シカトという言葉の語源
ぼくはいま世界から消え去っていく。
なんてね。
つまらなそうな空笑いが教室の窓から吹く秋風に乗ってどこか遠くへ飛んでいく。
こんな回りくどくて、うざったい言い回しが誰かの気に障ったんだろう。
冒頭で格好つけて言ってみたが、何のことはない。ぼくはいま皆からシカトされているだけだ。
中学二年生。イジメ。噂には聞いていた。だがまさか自分が標的になるなんて思いもしていなかった。
ある日を境に急にシカトが始まった。
ついこの前まで「江藤、江藤」と名前を呼んでくれたクラスメイトは今はもう目すら合わせてくれなくなってしまった。宿題用のプリントを回す時もいつもぼくだけ飛ばされる。
何故こんなことになったのか、それを教えてくれる人さえいない。というより本当はもうみんな何でぼくをシカトすることにしたのか覚えてすらいないんじゃないだろうか?

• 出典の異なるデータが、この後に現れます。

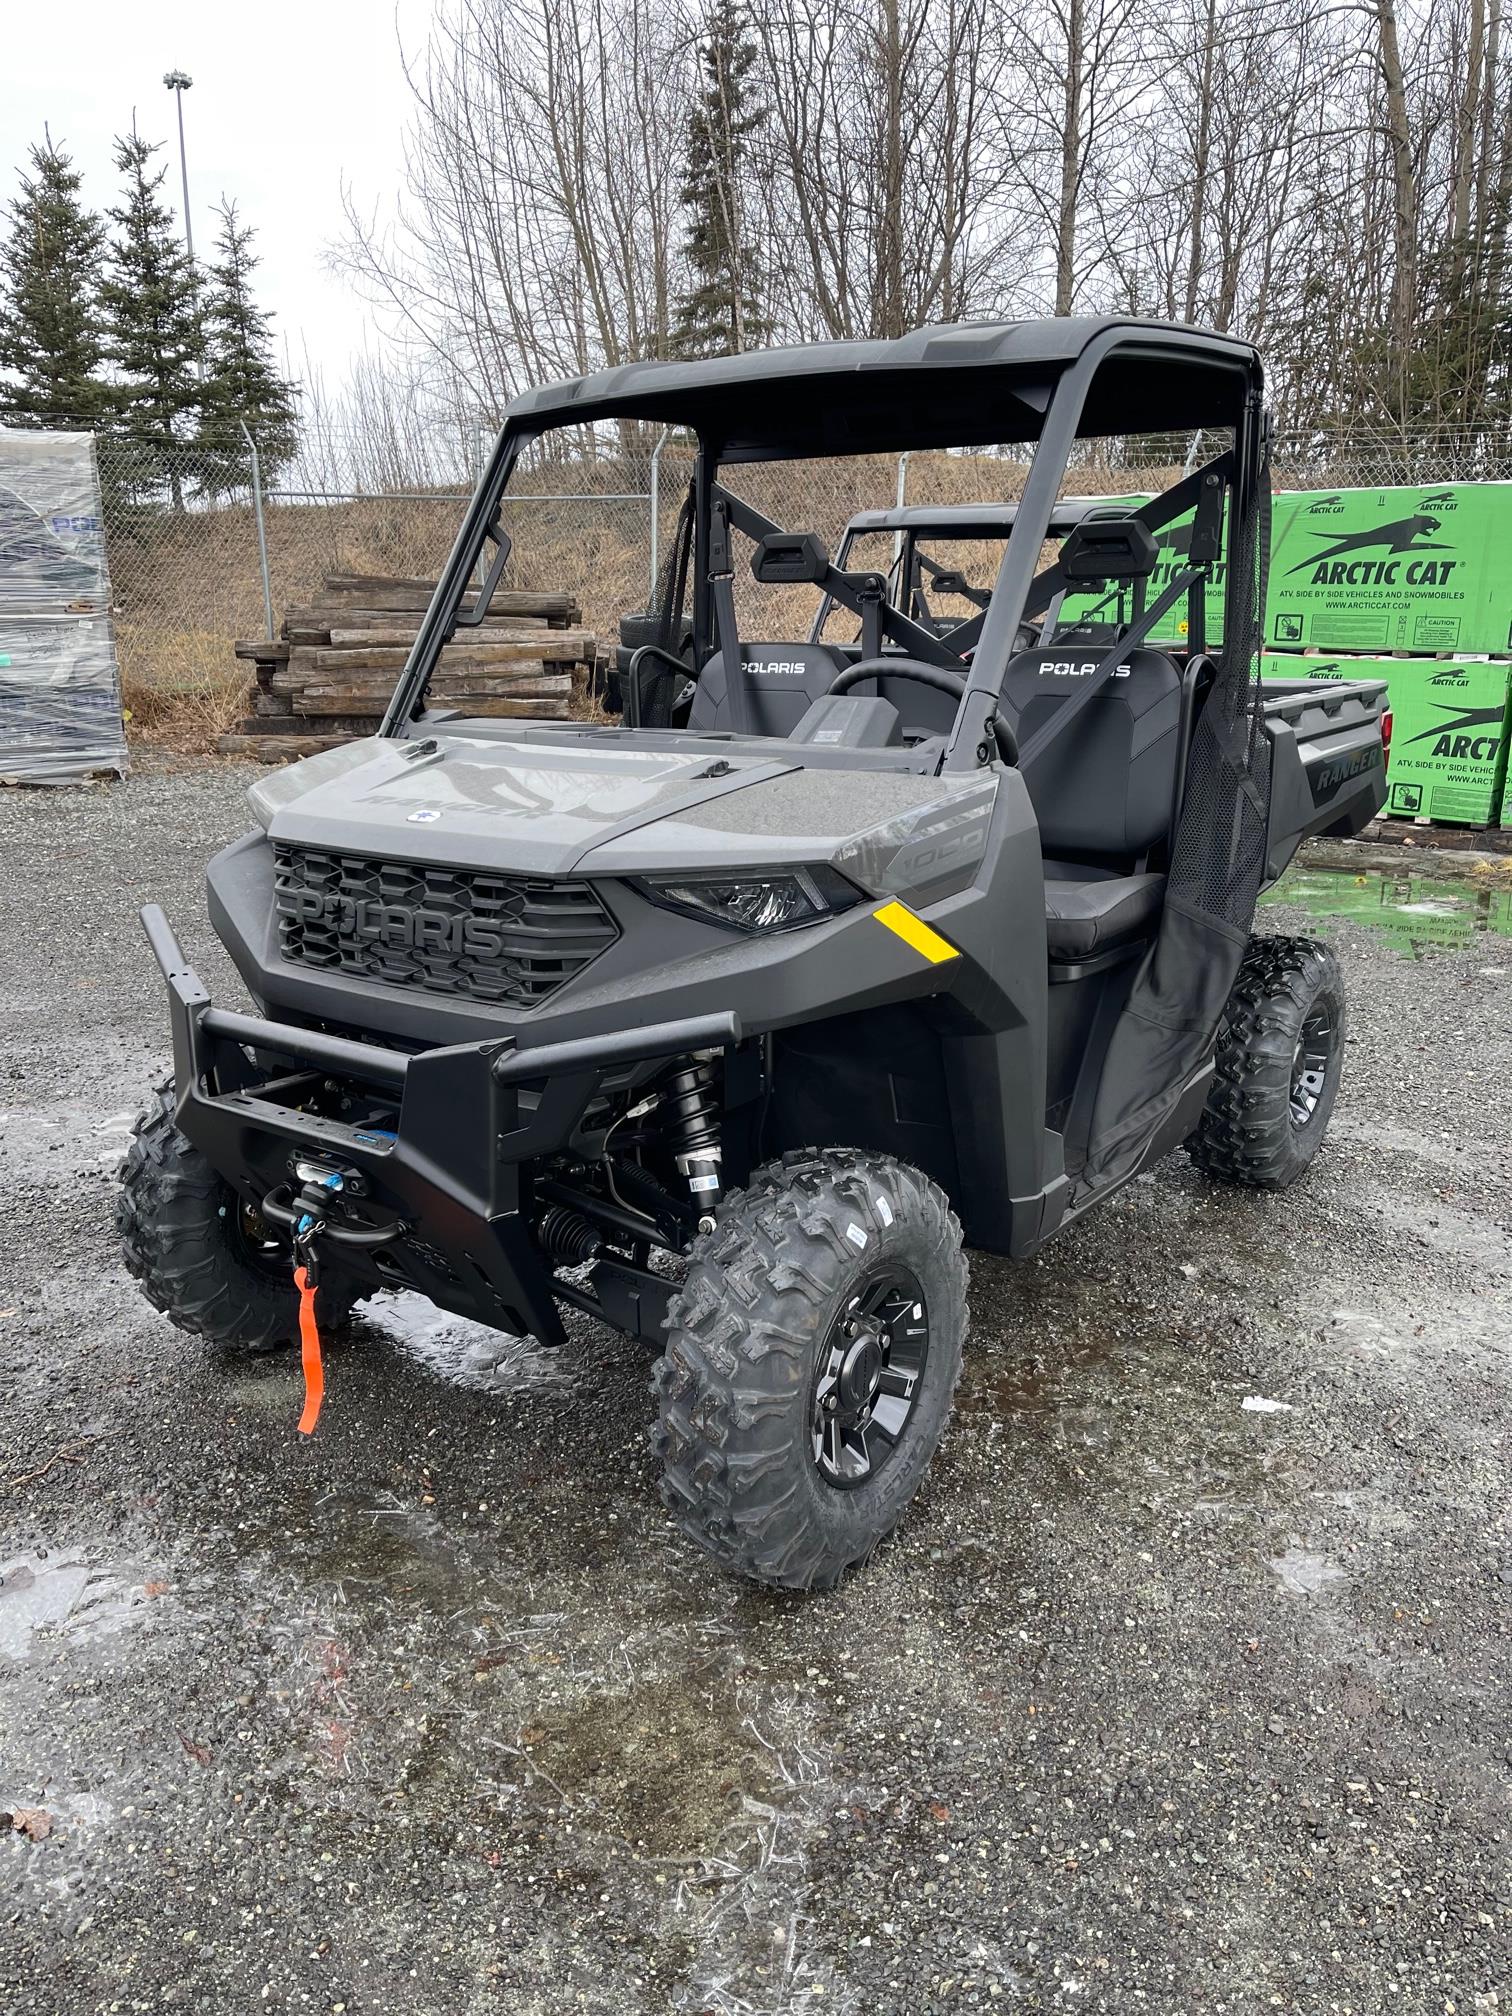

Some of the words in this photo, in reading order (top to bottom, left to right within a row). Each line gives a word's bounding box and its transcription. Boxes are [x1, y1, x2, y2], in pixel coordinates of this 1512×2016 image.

[1309, 506, 1332, 514] ARCTIC
[1420, 503, 1443, 511] ARCTIC
[1445, 503, 1459, 511] CAT
[51, 516, 103, 533] POL
[1311, 561, 1400, 585] ARCTIC
[1405, 561, 1457, 586] CAT
[1296, 590, 1313, 598] SIDE
[1315, 590, 1326, 598] BY
[1327, 590, 1345, 598] SIDE
[1346, 591, 1384, 599] VEHICLES
[1385, 591, 1402, 599] AND
[1404, 591, 1465, 600] SNOWMOBILES
[1325, 601, 1411, 609] WWW.ARCTICCAT.COM
[1039, 662, 1131, 677] POLAS
[1431, 679, 1456, 687] ARCTIC
[1431, 734, 1501, 761] ARCT
[1316, 747, 1379, 791] RANGER
[1415, 761, 1434, 769] SIDE
[1435, 762, 1448, 770] BY
[1448, 764, 1468, 772] SIDE
[1469, 765, 1495, 775] VEHIC
[1447, 774, 1494, 785] WWW.ARCT
[296, 886, 504, 959] POLARIS

多分最初はクラスの不良格である川原あたりが面白半分で始めたんだろう。クラスのみんなも脅され嫌々乗っかったんだと思う。
だけど乗っかっているうちにみんなも楽しくなってきたらしい。いつの間にか当の川原は飽きているのにまるで音楽の鳴りやまないメリーゴーランドのようにゆるやかにだらりと今日の今日までシカトは続いている。
殴ったり、物を隠したりするイジメと違ってシカトっていうのは本当に良く出来ている。されているぼくが認めるのも悔しいけど言ってしまえばコスパに優れたイジメだ。コストという罪悪感はそれほど感じないし、パフォーマンスという相手への嫌がらせとしては十二分だ。当事者が言うんだから間違いない。
あぁ、そうなんだ。シカトって本当死ぬほど辛い。
初めのうちこそ、むしろうざい奴らと縁切れて清々したなんて強がっていたが、やっぱり、どうして辛い。寂しい。
「おはよう」ずっと何気なく言っていた。だけどシカトされるようになってぼくは初めてその言葉の本当の意味を知る。
ぼくは「おはよう」って言って欲しくて「おはよう」って言っていたんだ。
ぼくは「またね」って返して欲しくて「またね」と手を振っていた。
そして最低だけどSNSで送った「元気?」とか「大丈夫?」っていうのも本当は相手を心配していたんじゃなくて「君は?」って返して欲しくて送ったメッセージだった。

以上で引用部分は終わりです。